> **Task statement**: Once the pictures are set aside, reproduce all of the records exactly.

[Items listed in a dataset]
#####

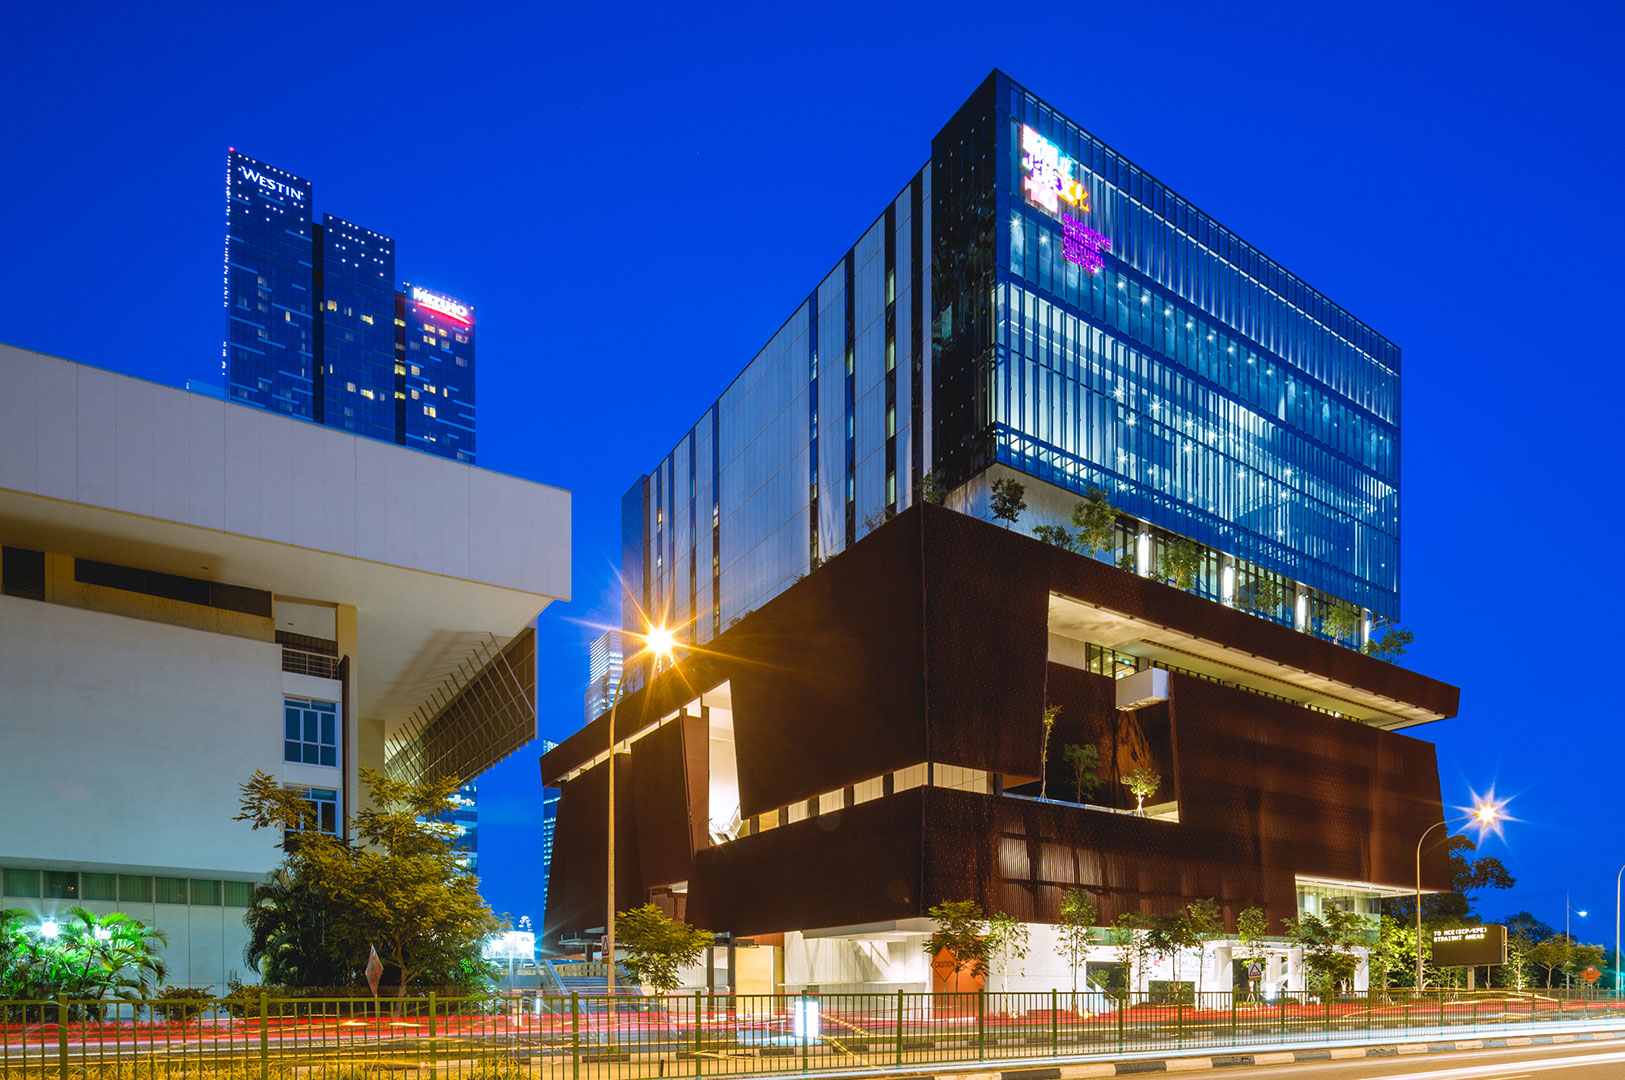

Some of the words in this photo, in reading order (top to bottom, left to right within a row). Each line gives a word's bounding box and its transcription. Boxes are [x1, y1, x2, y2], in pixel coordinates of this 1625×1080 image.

[241, 165, 301, 200] WESTIN
[1063, 213, 1112, 250] SINGAPORE
[1063, 225, 1101, 254] CHINESE
[1063, 236, 1106, 269] CULTURAL
[1063, 248, 1097, 275] CENTRE
[413, 286, 468, 317] MIZUHO

#####

> **Written reply**:
Some of the words in this photo, in reading order (top to bottom, left to right within a row). Each line gives a word's bounding box and its transcription. Boxes are [x1, y1, x2, y2], in pixel coordinates of this 1625×1080 image.

[241, 165, 301, 200] WESTIN
[1063, 213, 1112, 250] SINGAPORE
[1063, 225, 1101, 254] CHINESE
[1063, 236, 1106, 269] CULTURAL
[1063, 248, 1097, 275] CENTRE
[413, 286, 468, 317] MIZUHO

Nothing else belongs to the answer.